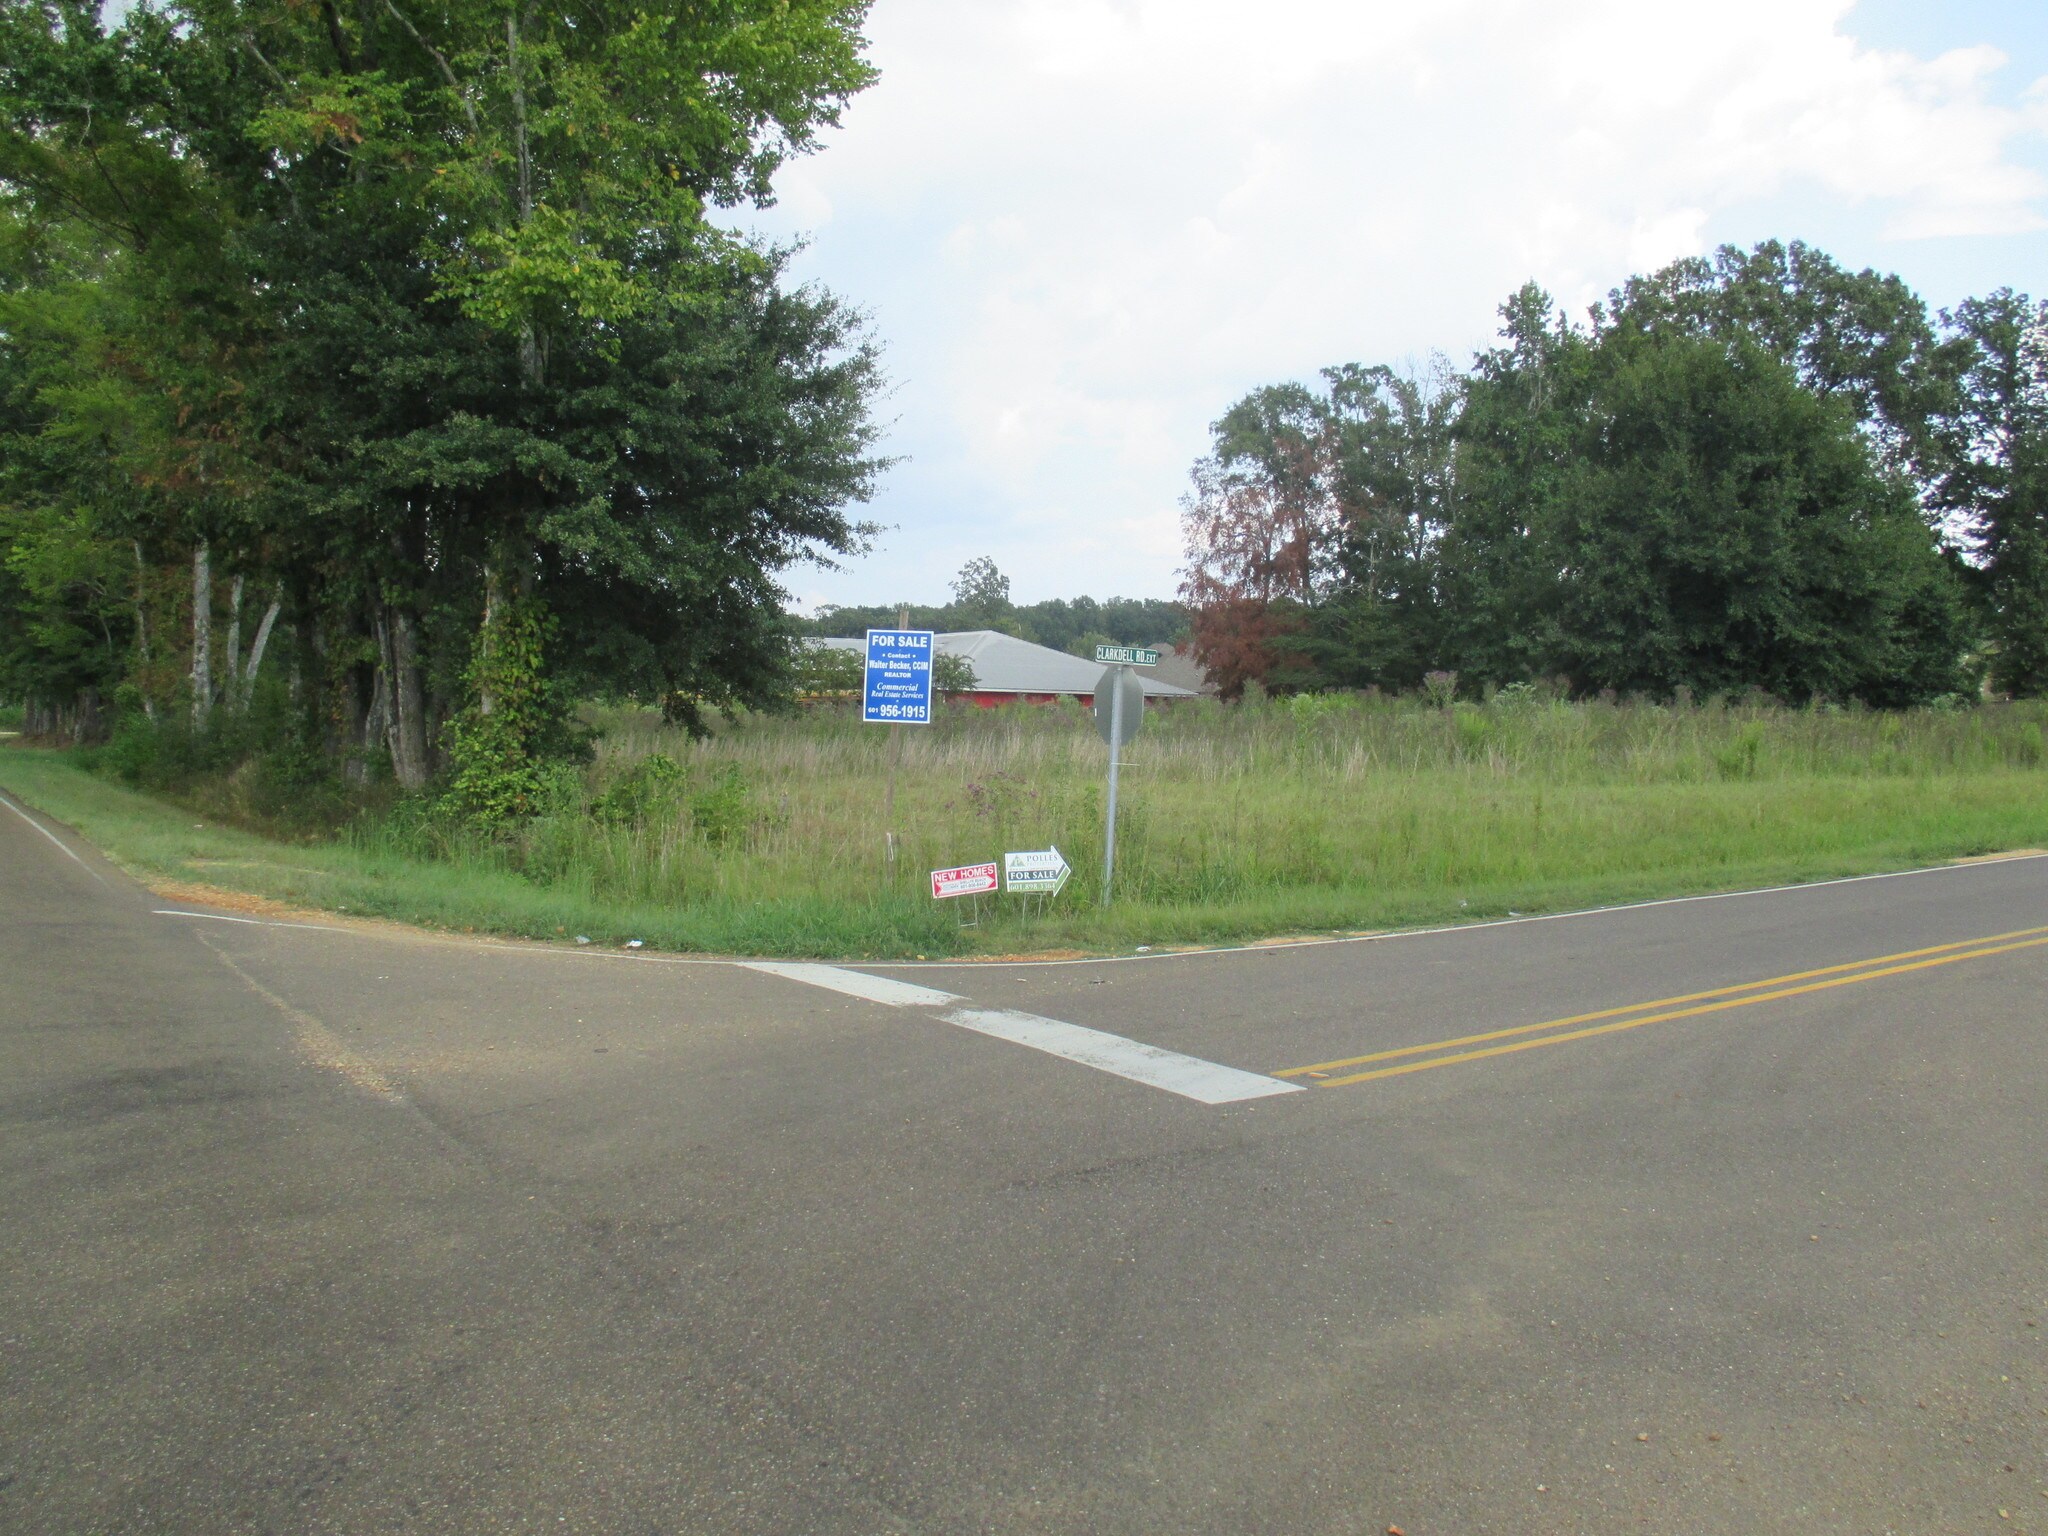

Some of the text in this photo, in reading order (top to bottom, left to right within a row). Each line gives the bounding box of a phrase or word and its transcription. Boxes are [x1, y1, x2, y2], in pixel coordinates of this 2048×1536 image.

[872, 635, 928, 648] FOR SALE
[1096, 647, 1134, 662] CLARKDELL
[869, 660, 888, 669] Walter
[889, 661, 912, 671] Becker,
[876, 682, 918, 692] Commercial
[871, 690, 884, 698] Real
[880, 704, 926, 718] 956-1915
[1026, 854, 1058, 862] POLLES
[934, 871, 957, 882] NEW
[960, 866, 994, 879] HOMES
[1010, 870, 1054, 880] FOR SALE
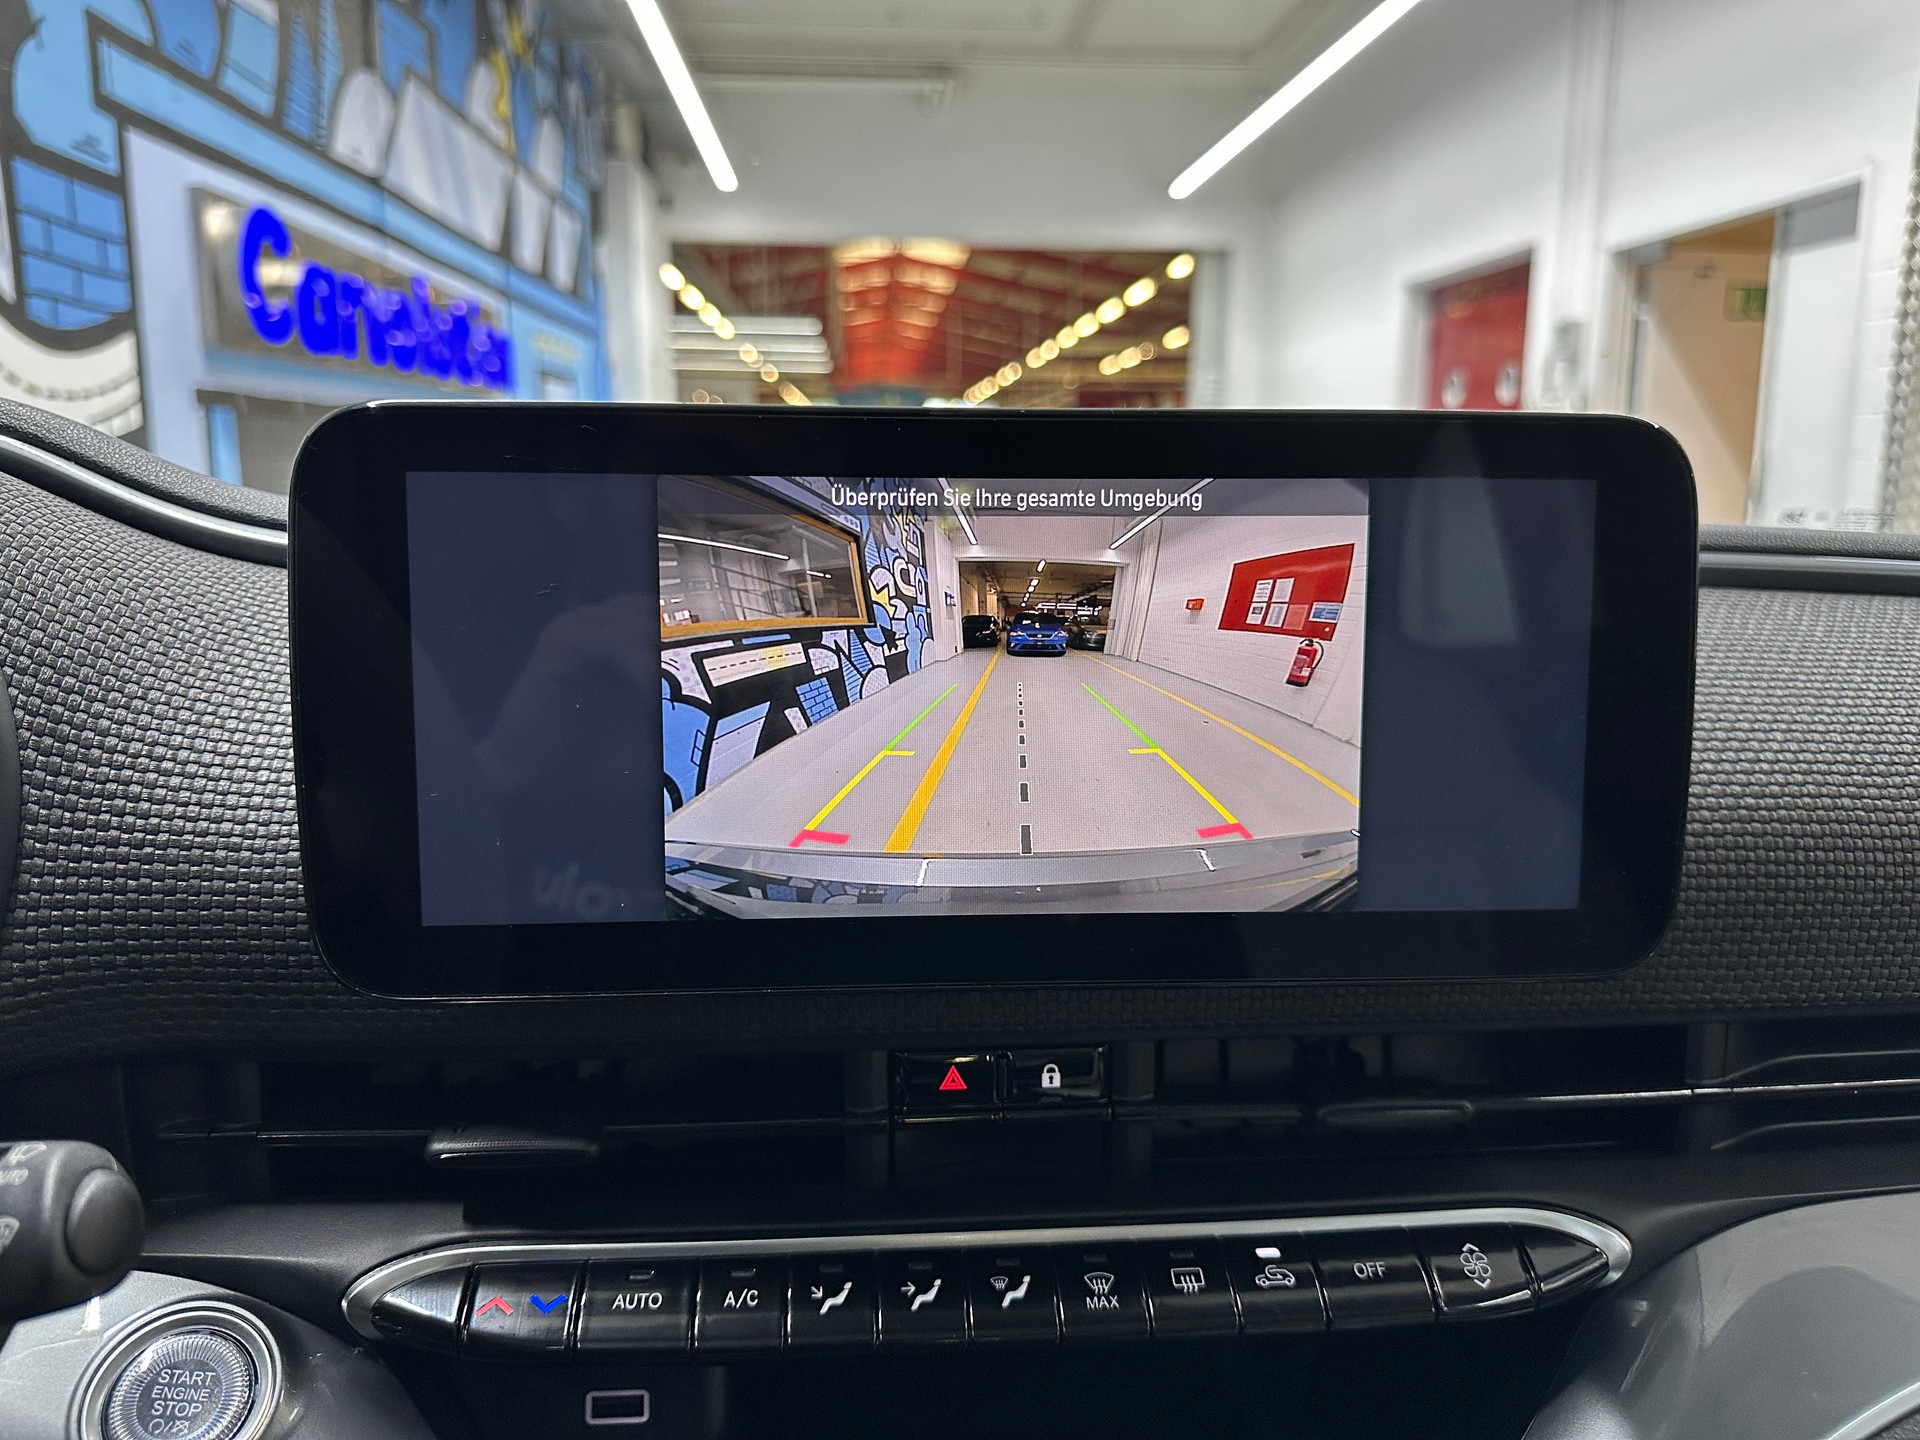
******
> **What you have to do**
Write out the whole listing above exactly; do not include the pictures.

> **Exercise response**
Some of the text in this photo, in reading order (top to bottom, left to right within a row). Each line gives the bounding box of a phrase or word and its transcription. Boxes are [x1, y1, x2, y2], in pixel coordinates of this 2048×1536 image.

[872, 635, 928, 648] FOR SALE
[1096, 647, 1134, 662] CLARKDELL
[869, 660, 888, 669] Walter
[889, 661, 912, 671] Becker,
[876, 682, 918, 692] Commercial
[871, 690, 884, 698] Real
[880, 704, 926, 718] 956-1915
[1026, 854, 1058, 862] POLLES
[934, 871, 957, 882] NEW
[960, 866, 994, 879] HOMES
[1010, 870, 1054, 880] FOR SALE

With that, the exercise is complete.